Health CLI: Google's silent agent SDK
Opinionated guide to building a local Health CLI using Google's Health Connect, Fit REST, and Gemini APIs—the quiet SDK that turns personal health data into an AI agent play.

Google Health CLI AI agent SDK turns your Fitbit and Health Connect data into a programmable API surface that runs locally in Python. No dashboards, no consumer-app lock‑in—just a thin CLI layer that puts raw health datasets into the hands of developers who build custom agents, automations, and visualizations. It’s not a product Google announced; it’s a pattern that emerges when you wire up existing building blocks the right way.
How to assemble a local health CLI from Google’s open APIs
The term “Health CLI” describes a slim Python SDK you piece together from Google’s own developer surface. At its core sits the Google API Python Client, which provides the OAuth‑ready discovery layer for any REST service. Combine it with Health Connect as the on‑device data hub, and you get a programmable bridge to step counts, heart rate, sleep sessions, and workout records that live inside Android phones and Fitbit accounts. Sprinkle in the Google Fit REST API for historical fitness store access from any platform, and you’ve already escaped the walled garden.
Why the Health Connect API is the backbone of the agent‑first health stack
Health Connect’s migration guide confirms that Fit Android APIs are being retired in its favour, making it the canonical Android health data source. A developer on Reddit already demonstrated a platform that turns Health Connect into a remote REST API, proving the concept of a unified health data pipe. By wrapping this in a local CLI, you get the “agent‑on‑rails” promise: pull fresh data, pipe it into a reasoning loop, and take action—without waiting for a vendor to ship a feature.

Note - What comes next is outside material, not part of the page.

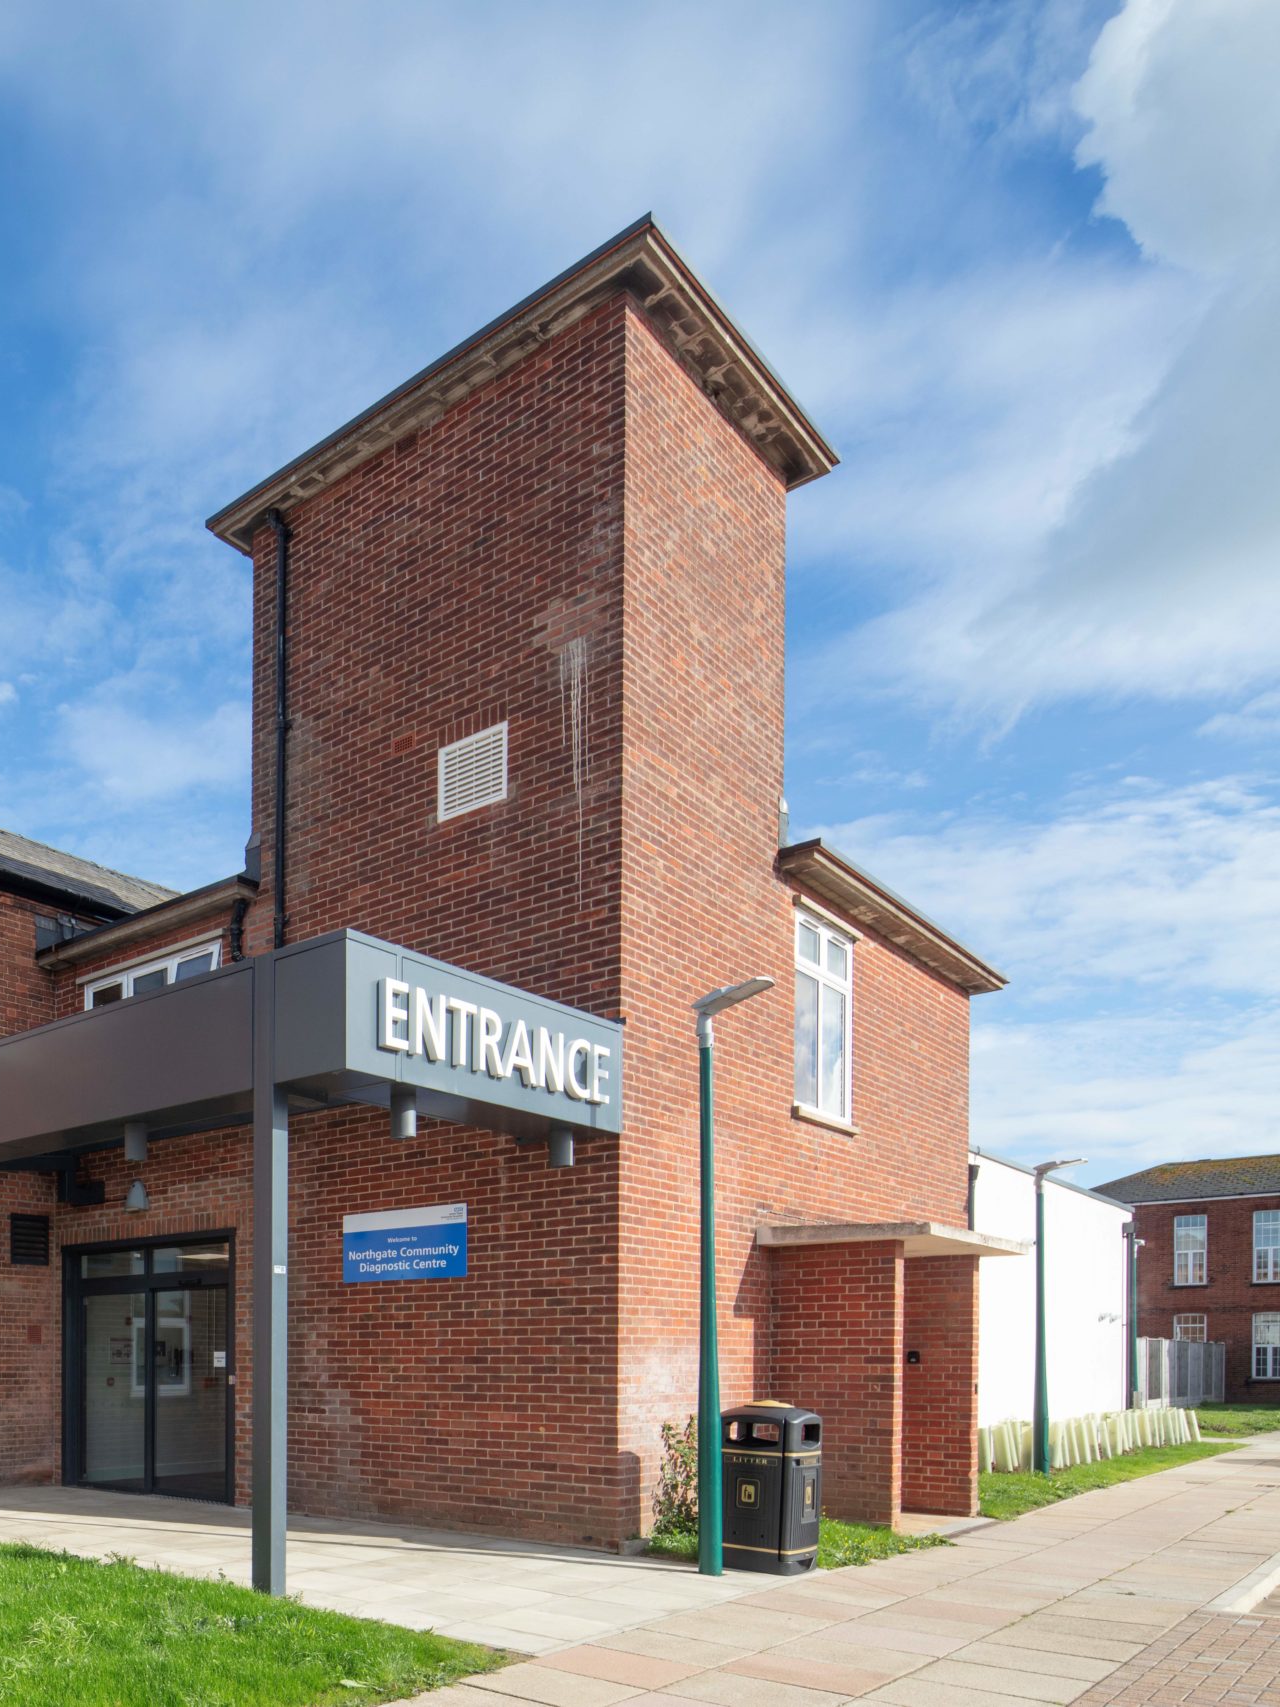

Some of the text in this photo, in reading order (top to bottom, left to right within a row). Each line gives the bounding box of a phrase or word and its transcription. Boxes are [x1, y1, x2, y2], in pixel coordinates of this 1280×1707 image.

[378, 976, 611, 1105] ENTRANCE
[348, 1244, 459, 1261] Northgate Community
[360, 1258, 446, 1274] Diagnostic Centre
[733, 1456, 768, 1464] LITTER

Merging Fitbit data and Gemini: the agent‑on‑rails killer
This is where the AI agent SDK part becomes real. Google’s Gemini Interactions API gives you a Python and JavaScript SDK that accepts structured context and returns generative responses. After your CLI fetches a week’s worth of sleep and activity data from Health Connect, you feed it as a prompt to gemini-2.5-flash and ask for a personalised recovery plan or a warning when resting heart rate trends upward. The code below shows the pattern in fewer than ten lines:
from googleapiclient.discovery import build
from google.oauth2.credentials import Credentials
import google.generativeai as genai
# Authenticate and pull daily steps from Health Connect via Fit REST
fitness = build('fitness', 'v1', credentials=creds)
data = fitness.users().dataSources().datasets().get(
userId='me',
dataSourceId='derived:com.google.step_count.delta:...',
datasetId='today-7d-today'
).execute()
# Turn raw steps into an agent prompt
steps = sum(p['intVal'] for p in data['point'])

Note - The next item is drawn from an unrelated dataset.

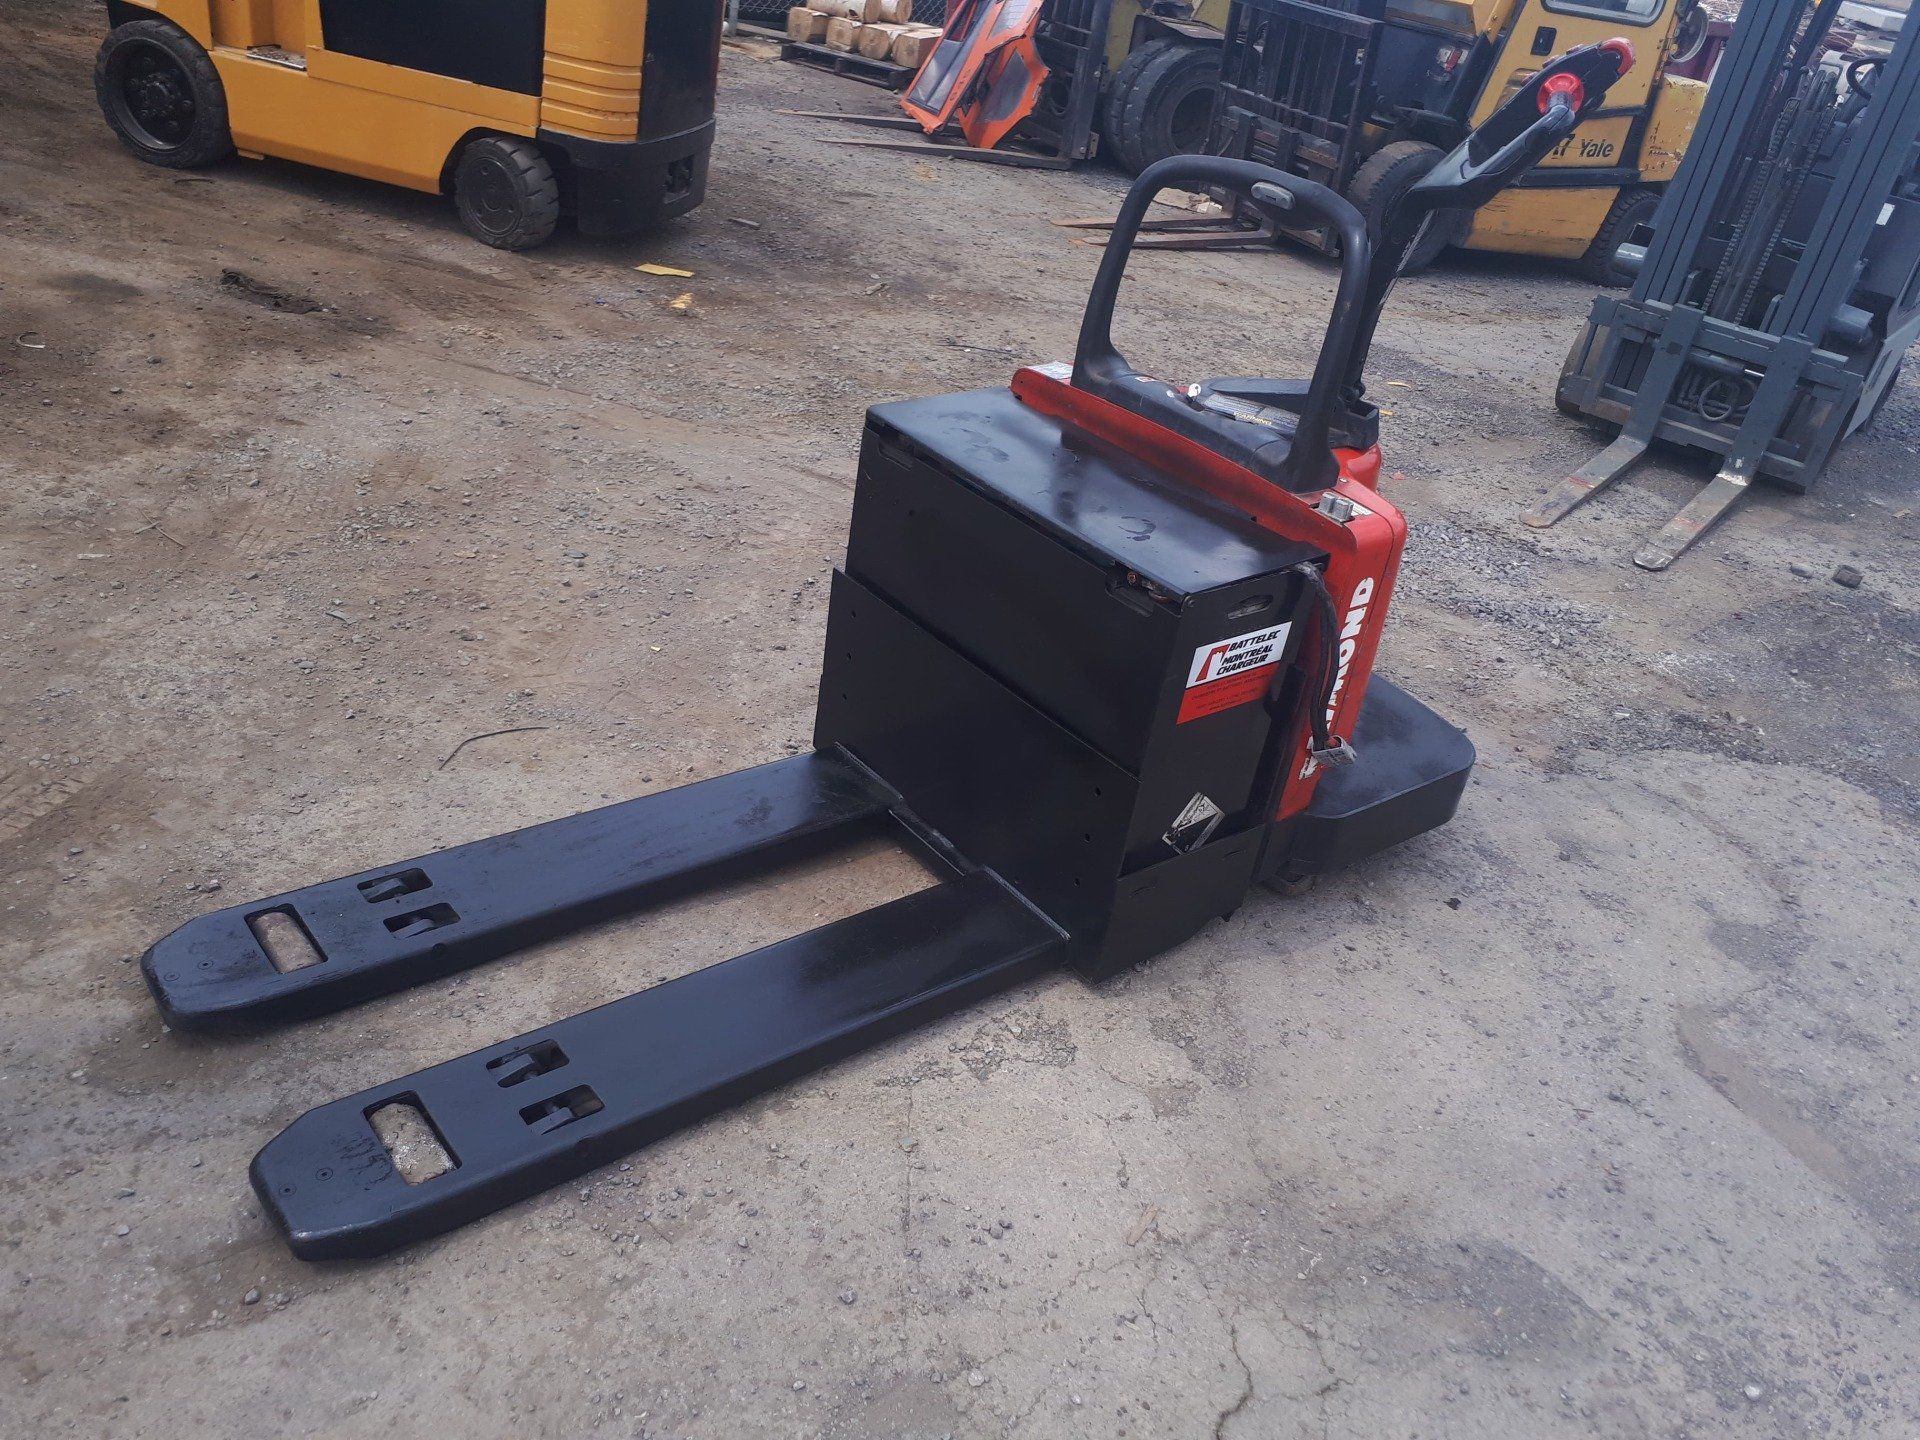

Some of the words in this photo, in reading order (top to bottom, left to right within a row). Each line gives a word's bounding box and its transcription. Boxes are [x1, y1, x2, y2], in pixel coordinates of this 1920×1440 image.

model = genai.GenerativeModel('gemini-2.5-flash')
response = model.generate_content(
f"My weekly step average is {steps//7}. Suggest one actionable health tip."
)
print(response.text)Run that from a terminal and you’ve got a personal AI coach that knows your actual movement patterns. That’s the silent agent strike: local, API‑first, and invisible to the consumer app store.
Why the silent play matters more than a loud launch
Google didn’t issue a press release for a “Health CLI.” Instead, it shipped the Cloud SDK and the underlying client libraries that make this possible, while competitors shout about agent frameworks on social media. The quiet tooling is more dangerous to the old agent‑on‑rails model: it gives every developer the building blocks to create a health‑specific, privacy‑respecting assistant that stays on their own machine, pulling only the data they authorise. If you’re serious about shipping AI agents that understand human context, this stack is worth more than a thousand beta waitlists. Build your own health agent pipeline the same way we approach AI agent development at techpotions—combining real‑world data with small, focused models.
FAQ
Can I use Health CLI without paying for Google Cloud?

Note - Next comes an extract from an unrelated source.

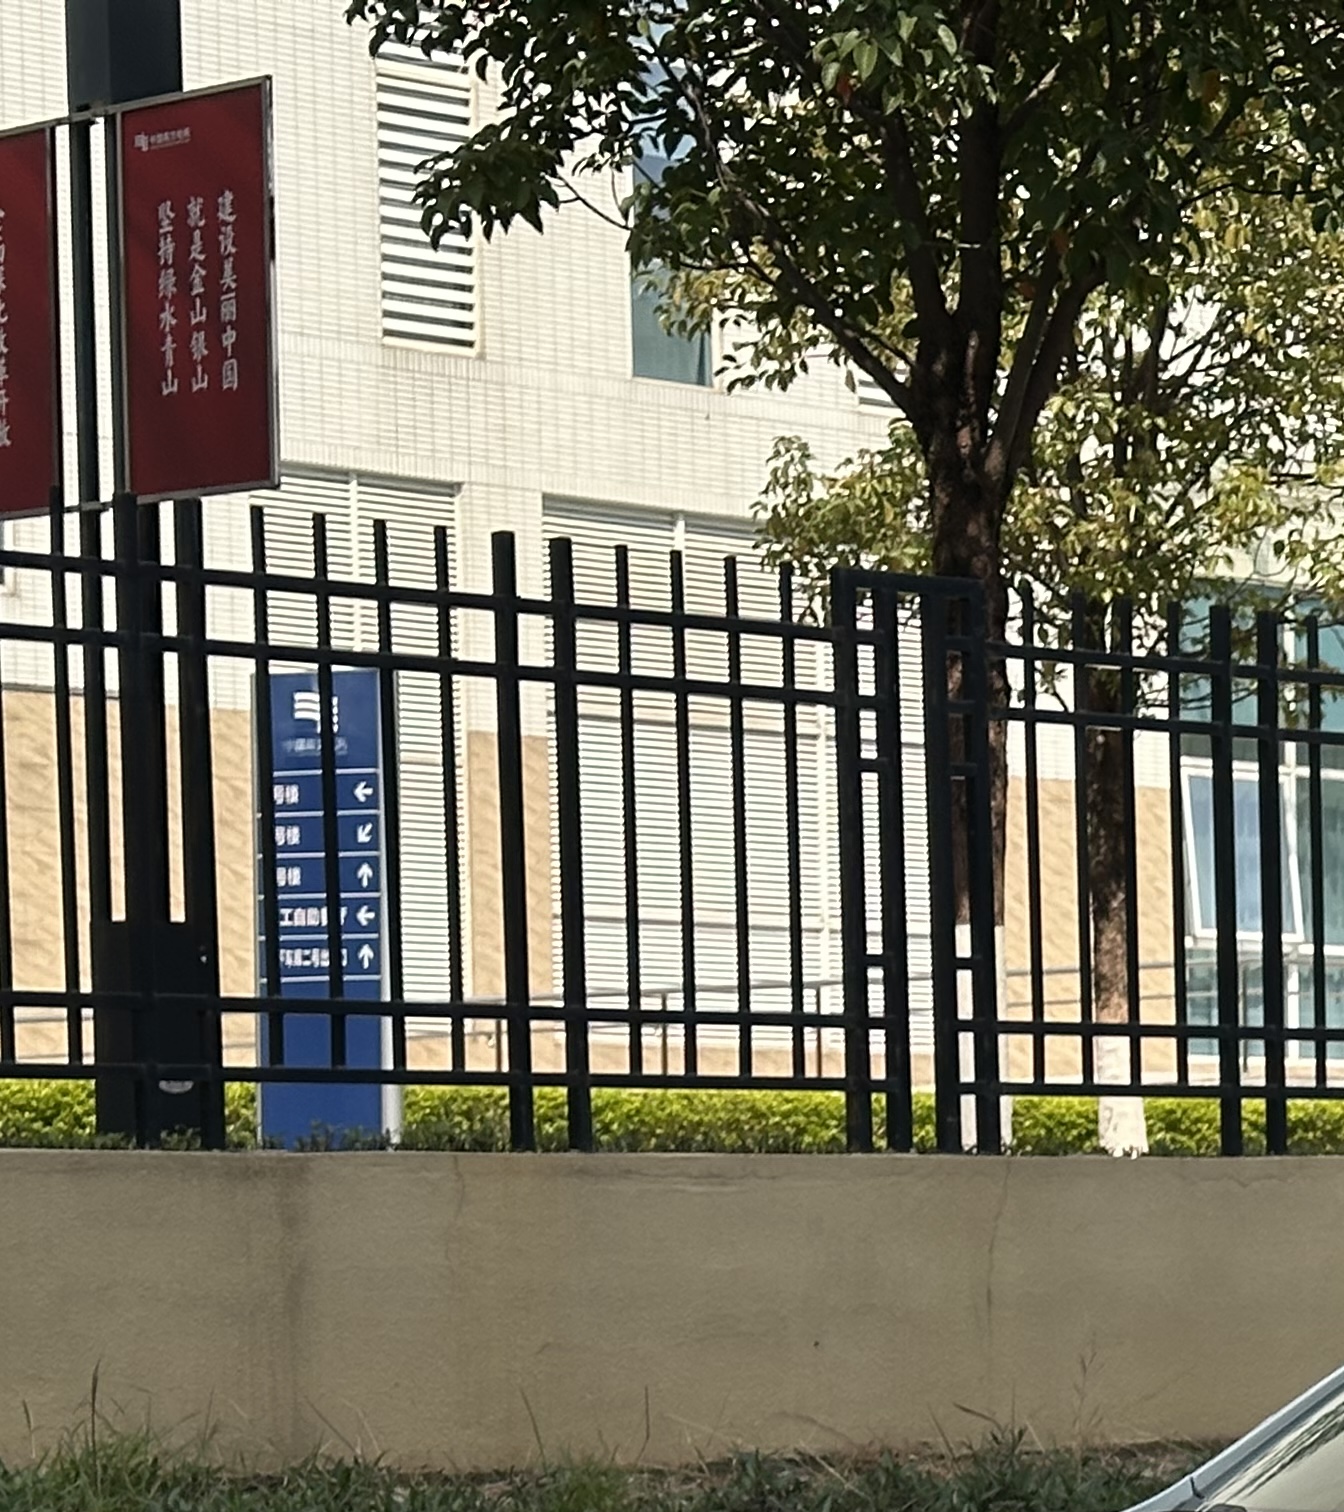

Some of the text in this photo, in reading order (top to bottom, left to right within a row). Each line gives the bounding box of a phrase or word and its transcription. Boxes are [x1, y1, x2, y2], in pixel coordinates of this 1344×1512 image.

[158, 200, 178, 395] 坚持绿水青山
[187, 196, 208, 392] 就是金山银山
[218, 190, 238, 391] 建设美丽中国

Yes. The Python client uses OAuth for Health Connect and a free Gemini API key for initial testing; no Cloud billing is required until you scale far beyond personal use.
Does a local health CLI replace the Fitbit or Health Connect app?
No. It complements them by extracting your own data programmatically for custom agents, bypassing the consumer app’s UI limitations while staying within the same permission boundaries.
How do I authenticate with Health Connect from a CLI script?
Use the standard OAuth 2.0 flow with a local redirect server, as described in the Google API Python Client docs; the token stored locally lets subsequent runs fetch data without repeated login prompts.